Toen dit semi-humoristische concept echter heel wat succes bleek te hebben, werd Porcupine Tree in 1993 omgevormd tot een kwartet dat zowel rock en metal als ambient en psychedelica in een unieke smeltkroes stopte. Volprezen albums als 'Signify' (1996) en 'Stupid Dream' (1999) katapulteerden de groep steevast tot in de hoogste progrockregionen. Sinds de heren in 2002 nieuwe topdrummer Gavin Harrison zijn intrede lieten doen en eindelijk bij grotere labels binnengeraakten, is hun succes allesbehalve gedaald: 'In Absentia' (2002) en 'Deadwing' (2005) waren Porcupine Tree's meest populaire en bejubelde albums tot hier toe. Lees: tot hier toe.

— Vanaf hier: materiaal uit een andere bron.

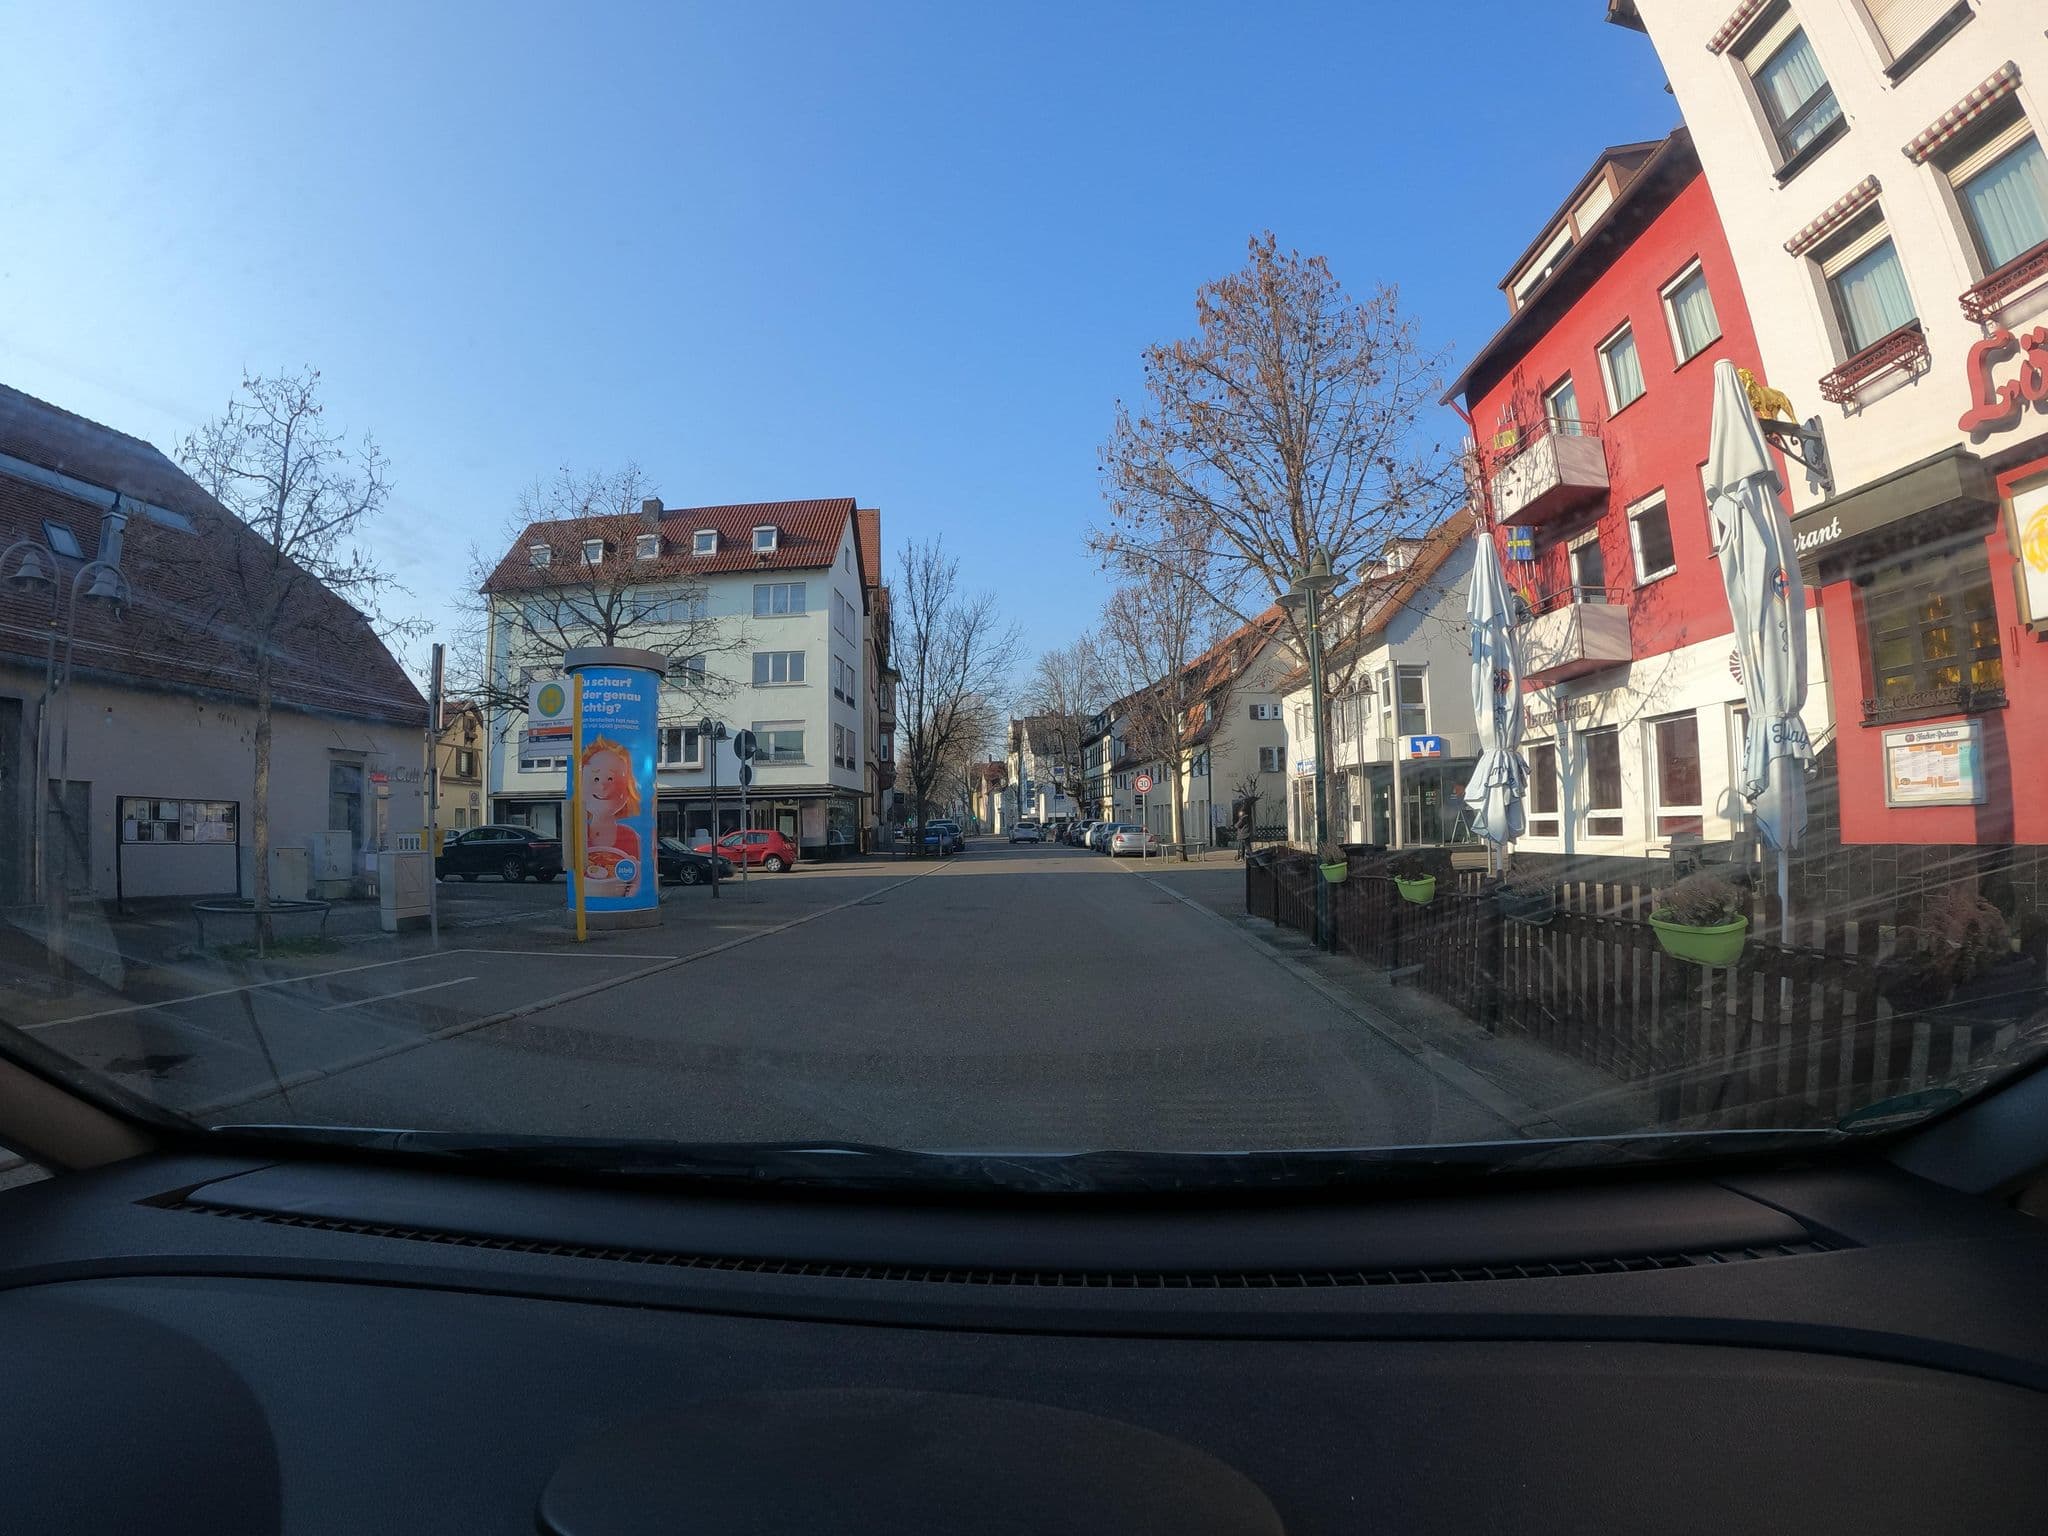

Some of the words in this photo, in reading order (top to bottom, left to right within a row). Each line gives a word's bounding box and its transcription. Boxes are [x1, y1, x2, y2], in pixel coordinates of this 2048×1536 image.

[592, 677, 632, 687] scharf
[582, 690, 602, 699] der
[603, 691, 641, 702] genau
[1139, 780, 1149, 788] 30

Nu is er namelijk het zesdelige 'Fear of a Blank Planet', de band zijn negende studioalbum en eerste voor Roadrunner. Wie deze plaat beluistert, hoort zowel stevige scheuten Pink Floyd als fikse porties Opeth, maar ook groepen als Anathema of Tool kunnen in één adem genoemd worden. Om maar te zeggen dat Porcupine Tree nog steeds een mengeling maakt tussen uitgesponnen sfeerbeelden en strakke composities, terwijl het viertal ook steeds meer metalgericht durft werken.

De titelsong annex single is meteen ook de lekker voorbij rollende aftrapper: een stevig rockende flow met een grootse sound en slechts één onderliggend thema wordt een dikke zeven minuten aangehouden, zonder ergens een steekje te laten vallen of ook maar een tikkeltje saai te worden. Steven Wilson domineert met zijn zachte stem en snijdende gitaren zoals steeds het geheel en vellentovenaar Gavin Harrison (zonder twijfel de held op deze schijf) speelt verrassend subtiele grooves die relatief simpel lijken, maar dankzij quasi onmogelijke fill-ins niemand in de waan laten. De bloedmooie opvolger 'My Ashes' is een trage ballad met een zee van akoestische gitaren, strijkers en effectsynths. Ook de meerstemmige poprock van 'Sentimental' voldoet aan deze formule, ware het niet dat Harrison er hier een waanzinnig complexe, doch wederom nauwelijks opvallende groove doorheen gooit.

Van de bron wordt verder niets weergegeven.